Task objective: With no edits of any kind, print each record that follows.
*** Data ***
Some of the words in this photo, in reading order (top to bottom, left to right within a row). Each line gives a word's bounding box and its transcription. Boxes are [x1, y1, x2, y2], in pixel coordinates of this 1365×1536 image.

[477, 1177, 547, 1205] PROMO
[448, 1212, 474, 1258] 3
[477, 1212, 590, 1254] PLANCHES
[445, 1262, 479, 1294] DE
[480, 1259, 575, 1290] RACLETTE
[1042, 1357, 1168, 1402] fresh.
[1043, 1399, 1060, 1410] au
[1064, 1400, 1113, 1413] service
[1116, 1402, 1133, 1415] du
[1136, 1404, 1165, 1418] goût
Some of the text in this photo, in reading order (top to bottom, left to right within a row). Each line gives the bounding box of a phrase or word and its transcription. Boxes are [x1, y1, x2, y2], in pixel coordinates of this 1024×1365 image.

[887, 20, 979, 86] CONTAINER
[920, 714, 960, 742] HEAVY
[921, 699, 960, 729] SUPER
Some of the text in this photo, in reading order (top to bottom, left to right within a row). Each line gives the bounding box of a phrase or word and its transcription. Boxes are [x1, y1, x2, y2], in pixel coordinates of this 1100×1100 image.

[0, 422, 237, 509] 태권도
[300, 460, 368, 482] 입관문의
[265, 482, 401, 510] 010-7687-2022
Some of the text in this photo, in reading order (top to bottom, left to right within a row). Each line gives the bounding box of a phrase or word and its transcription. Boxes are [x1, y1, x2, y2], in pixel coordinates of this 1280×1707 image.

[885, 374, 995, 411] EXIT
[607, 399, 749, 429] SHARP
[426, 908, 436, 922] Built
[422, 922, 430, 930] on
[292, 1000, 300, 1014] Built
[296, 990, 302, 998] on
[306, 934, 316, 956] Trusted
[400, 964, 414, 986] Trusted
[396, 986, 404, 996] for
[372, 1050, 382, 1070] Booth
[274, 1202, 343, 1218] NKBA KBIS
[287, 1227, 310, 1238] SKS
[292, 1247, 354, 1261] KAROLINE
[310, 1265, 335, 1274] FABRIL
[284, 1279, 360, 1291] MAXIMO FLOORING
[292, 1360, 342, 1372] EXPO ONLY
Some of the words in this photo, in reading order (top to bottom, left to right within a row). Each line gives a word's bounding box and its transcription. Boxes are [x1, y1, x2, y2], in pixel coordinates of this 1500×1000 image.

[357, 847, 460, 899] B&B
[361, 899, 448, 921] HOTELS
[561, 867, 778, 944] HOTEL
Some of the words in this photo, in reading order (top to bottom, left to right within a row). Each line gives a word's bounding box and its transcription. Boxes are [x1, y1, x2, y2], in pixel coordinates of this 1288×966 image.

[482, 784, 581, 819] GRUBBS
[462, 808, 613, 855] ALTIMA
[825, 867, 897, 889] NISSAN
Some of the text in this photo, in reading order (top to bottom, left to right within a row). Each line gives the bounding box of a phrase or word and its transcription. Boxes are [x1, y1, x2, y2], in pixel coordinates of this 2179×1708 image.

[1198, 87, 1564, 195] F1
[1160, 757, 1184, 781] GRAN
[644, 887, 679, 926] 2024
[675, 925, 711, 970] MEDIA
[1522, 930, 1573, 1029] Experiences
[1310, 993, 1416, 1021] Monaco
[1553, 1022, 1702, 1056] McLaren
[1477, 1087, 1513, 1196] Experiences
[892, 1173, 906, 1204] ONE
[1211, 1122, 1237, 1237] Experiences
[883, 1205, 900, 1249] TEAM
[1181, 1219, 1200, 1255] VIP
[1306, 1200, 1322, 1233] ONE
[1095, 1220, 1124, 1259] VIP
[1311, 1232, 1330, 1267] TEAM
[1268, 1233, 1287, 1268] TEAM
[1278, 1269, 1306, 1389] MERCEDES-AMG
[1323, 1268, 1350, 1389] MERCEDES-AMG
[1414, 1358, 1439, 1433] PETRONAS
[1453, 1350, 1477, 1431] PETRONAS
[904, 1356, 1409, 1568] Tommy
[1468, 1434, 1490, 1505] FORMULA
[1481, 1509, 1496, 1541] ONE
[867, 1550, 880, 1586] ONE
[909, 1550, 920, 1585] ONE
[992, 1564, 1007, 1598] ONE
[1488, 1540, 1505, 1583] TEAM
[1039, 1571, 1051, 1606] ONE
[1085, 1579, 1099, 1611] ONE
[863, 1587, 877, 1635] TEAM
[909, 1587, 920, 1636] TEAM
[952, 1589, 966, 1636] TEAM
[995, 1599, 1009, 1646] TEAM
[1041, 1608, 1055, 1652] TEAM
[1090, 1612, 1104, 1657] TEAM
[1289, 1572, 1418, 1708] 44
*** End of Data ***
Written reply:
Some of the words in this photo, in reading order (top to bottom, left to right within a row). Each line gives a word's bounding box and its transcription. Boxes are [x1, y1, x2, y2], in pixel coordinates of this 1365×1536 image.

[477, 1177, 547, 1205] PROMO
[448, 1212, 474, 1258] 3
[477, 1212, 590, 1254] PLANCHES
[445, 1262, 479, 1294] DE
[480, 1259, 575, 1290] RACLETTE
[1042, 1357, 1168, 1402] fresh.
[1043, 1399, 1060, 1410] au
[1064, 1400, 1113, 1413] service
[1116, 1402, 1133, 1415] du
[1136, 1404, 1165, 1418] goût
Some of the text in this photo, in reading order (top to bottom, left to right within a row). Each line gives the bounding box of a phrase or word and its transcription. Boxes are [x1, y1, x2, y2], in pixel coordinates of this 1024×1365 image.

[887, 20, 979, 86] CONTAINER
[920, 714, 960, 742] HEAVY
[921, 699, 960, 729] SUPER
Some of the text in this photo, in reading order (top to bottom, left to right within a row). Each line gives the bounding box of a phrase or word and its transcription. Boxes are [x1, y1, x2, y2], in pixel coordinates of this 1100×1100 image.

[0, 422, 237, 509] 태권도
[300, 460, 368, 482] 입관문의
[265, 482, 401, 510] 010-7687-2022
Some of the text in this photo, in reading order (top to bottom, left to right within a row). Each line gives the bounding box of a phrase or word and its transcription. Boxes are [x1, y1, x2, y2], in pixel coordinates of this 1280×1707 image.

[885, 374, 995, 411] EXIT
[607, 399, 749, 429] SHARP
[426, 908, 436, 922] Built
[422, 922, 430, 930] on
[292, 1000, 300, 1014] Built
[296, 990, 302, 998] on
[306, 934, 316, 956] Trusted
[400, 964, 414, 986] Trusted
[396, 986, 404, 996] for
[372, 1050, 382, 1070] Booth
[274, 1202, 343, 1218] NKBA KBIS
[287, 1227, 310, 1238] SKS
[292, 1247, 354, 1261] KAROLINE
[310, 1265, 335, 1274] FABRIL
[284, 1279, 360, 1291] MAXIMO FLOORING
[292, 1360, 342, 1372] EXPO ONLY
Some of the words in this photo, in reading order (top to bottom, left to right within a row). Each line gives a word's bounding box and its transcription. Boxes are [x1, y1, x2, y2], in pixel coordinates of this 1500×1000 image.

[357, 847, 460, 899] B&B
[361, 899, 448, 921] HOTELS
[561, 867, 778, 944] HOTEL
Some of the words in this photo, in reading order (top to bottom, left to right within a row). Each line gives a word's bounding box and its transcription. Boxes are [x1, y1, x2, y2], in pixel coordinates of this 1288×966 image.

[482, 784, 581, 819] GRUBBS
[462, 808, 613, 855] ALTIMA
[825, 867, 897, 889] NISSAN
Some of the text in this photo, in reading order (top to bottom, left to right within a row). Each line gives the bounding box of a phrase or word and its transcription. Boxes are [x1, y1, x2, y2], in pixel coordinates of this 2179×1708 image.

[1198, 87, 1564, 195] F1
[1160, 757, 1184, 781] GRAN
[644, 887, 679, 926] 2024
[675, 925, 711, 970] MEDIA
[1522, 930, 1573, 1029] Experiences
[1310, 993, 1416, 1021] Monaco
[1553, 1022, 1702, 1056] McLaren
[1477, 1087, 1513, 1196] Experiences
[892, 1173, 906, 1204] ONE
[1211, 1122, 1237, 1237] Experiences
[883, 1205, 900, 1249] TEAM
[1181, 1219, 1200, 1255] VIP
[1306, 1200, 1322, 1233] ONE
[1095, 1220, 1124, 1259] VIP
[1311, 1232, 1330, 1267] TEAM
[1268, 1233, 1287, 1268] TEAM
[1278, 1269, 1306, 1389] MERCEDES-AMG
[1323, 1268, 1350, 1389] MERCEDES-AMG
[1414, 1358, 1439, 1433] PETRONAS
[1453, 1350, 1477, 1431] PETRONAS
[904, 1356, 1409, 1568] Tommy
[1468, 1434, 1490, 1505] FORMULA
[1481, 1509, 1496, 1541] ONE
[867, 1550, 880, 1586] ONE
[909, 1550, 920, 1585] ONE
[992, 1564, 1007, 1598] ONE
[1488, 1540, 1505, 1583] TEAM
[1039, 1571, 1051, 1606] ONE
[1085, 1579, 1099, 1611] ONE
[863, 1587, 877, 1635] TEAM
[909, 1587, 920, 1636] TEAM
[952, 1589, 966, 1636] TEAM
[995, 1599, 1009, 1646] TEAM
[1041, 1608, 1055, 1652] TEAM
[1090, 1612, 1104, 1657] TEAM
[1289, 1572, 1418, 1708] 44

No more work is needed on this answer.